The Esrange space center hopes to have its maiden launch by spring – but is not putting a date on it. It’s waiting for the right rocket to be ready for buy. A contract is in the pipeline with a Swedish provider. Clients will then provide the satellites, known as the “payload”.
“We could give the example of an airport,” said Gustafsson. “A company owns the airport, and different airlines use it. It’s the same here. But then, you can have British Airways and Heathrow. They have both. That is the sweet spot for us and we are heading for that.”

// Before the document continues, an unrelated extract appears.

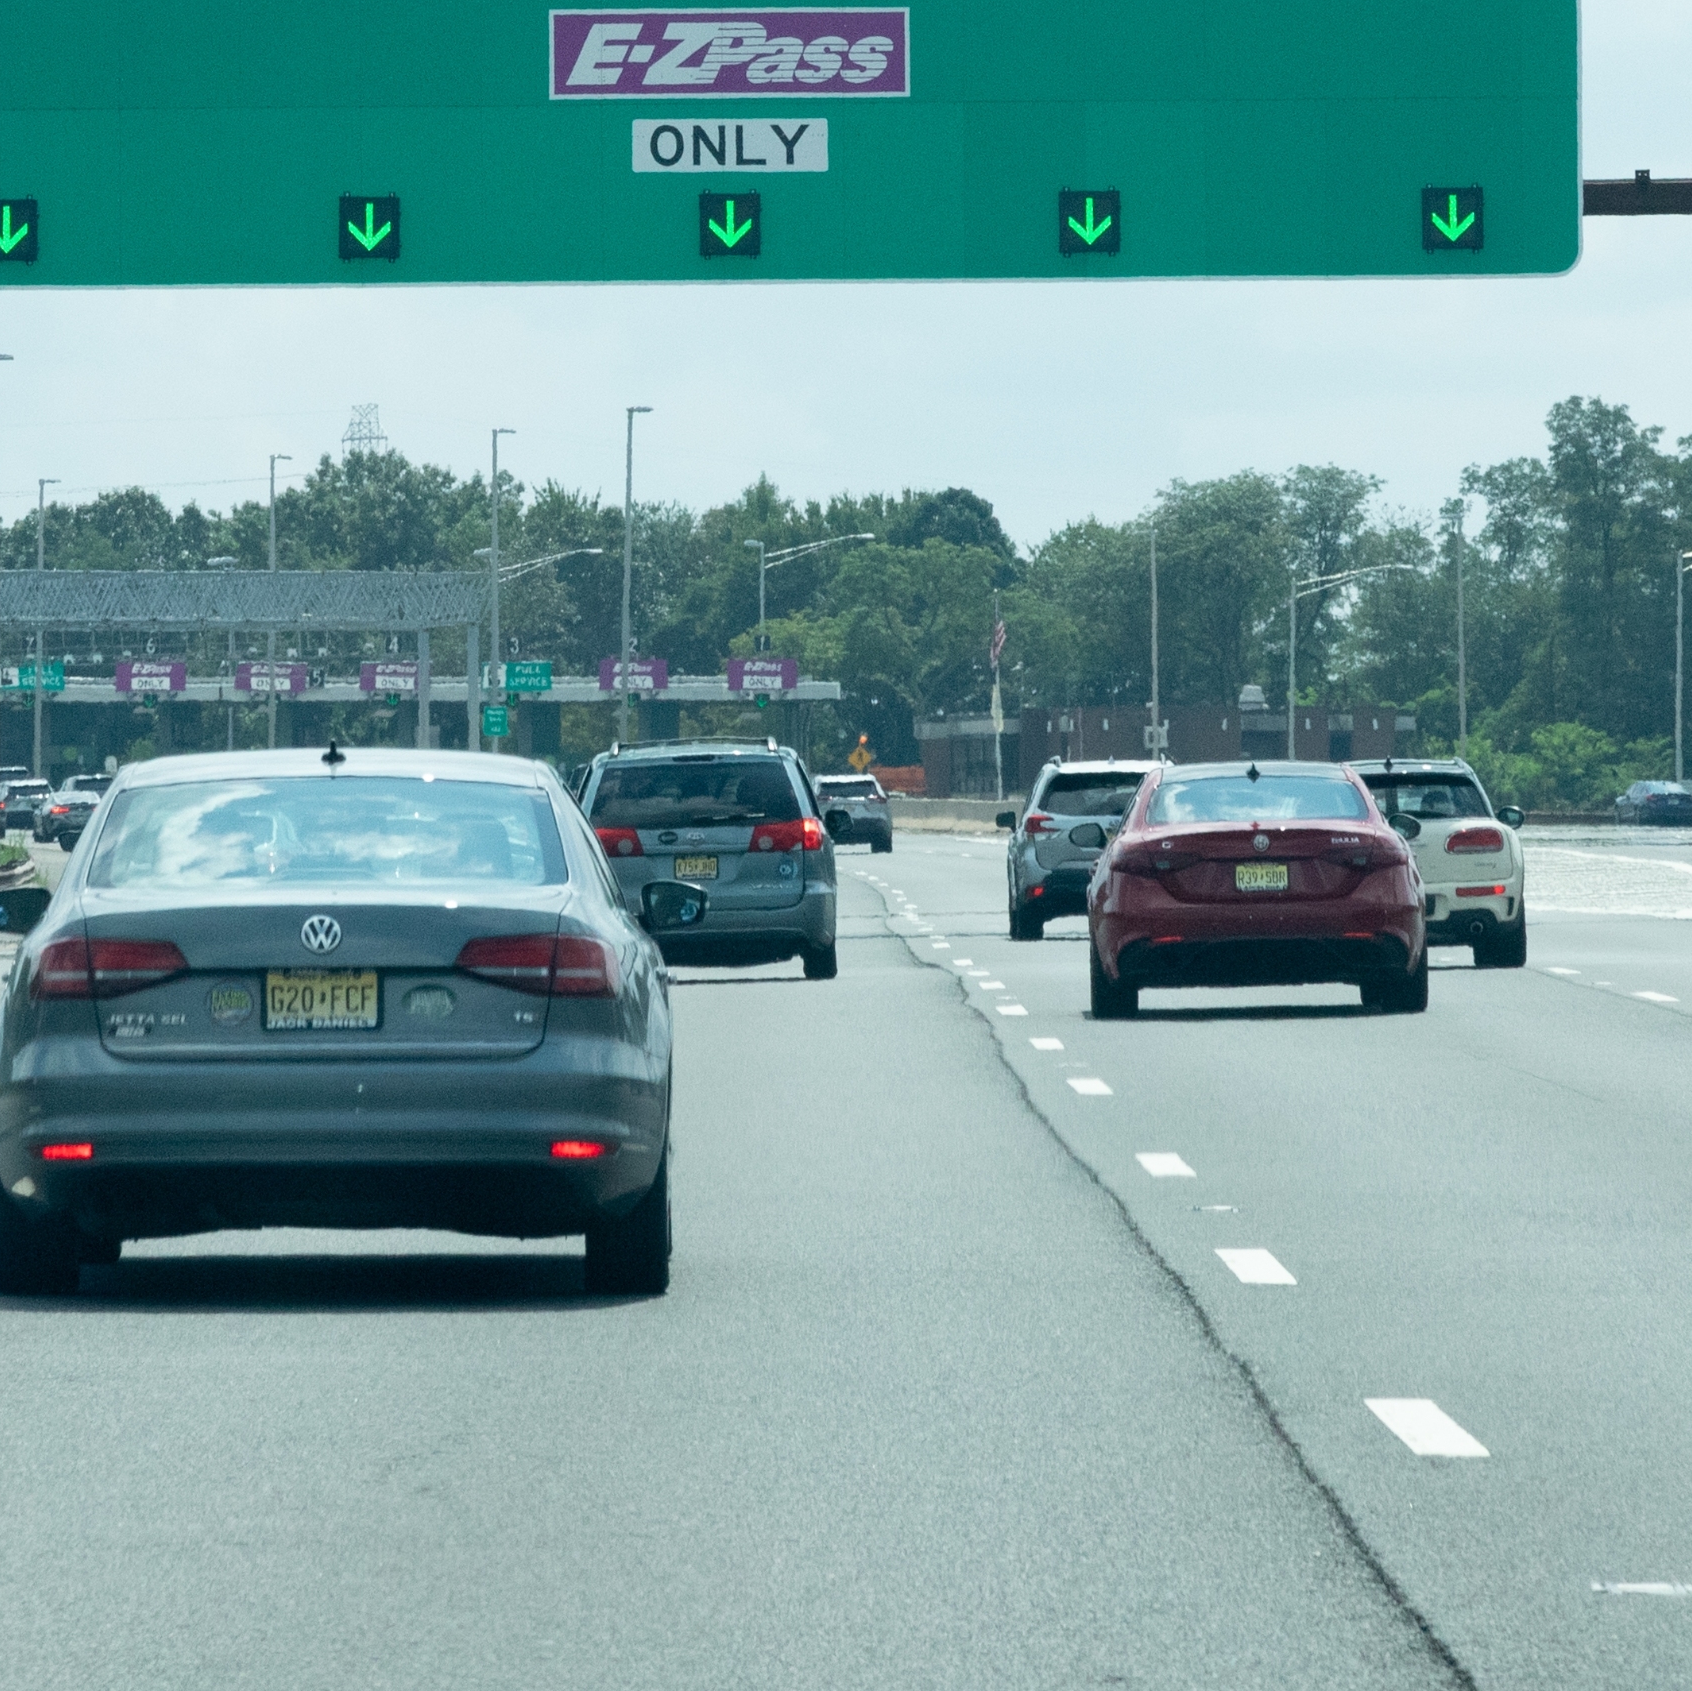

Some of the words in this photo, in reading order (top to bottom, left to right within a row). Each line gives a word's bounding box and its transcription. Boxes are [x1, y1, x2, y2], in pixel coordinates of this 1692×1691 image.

Once Europe’s first successful launch is completed, the base aims to build capacity for “rapid launching” by 2030, where satellites would be ready to be thrust into orbit within a fortnight of notification. “To us, it’s not a race to be first, it’s a race to be successful,” said Gustafsson, a former marathon canoeist with world championship medals to his name. But, he adds, “competition is good because it drives speed and cost effectiveness”. Make no mistake, the Swedes have their eyes on the stellar prize.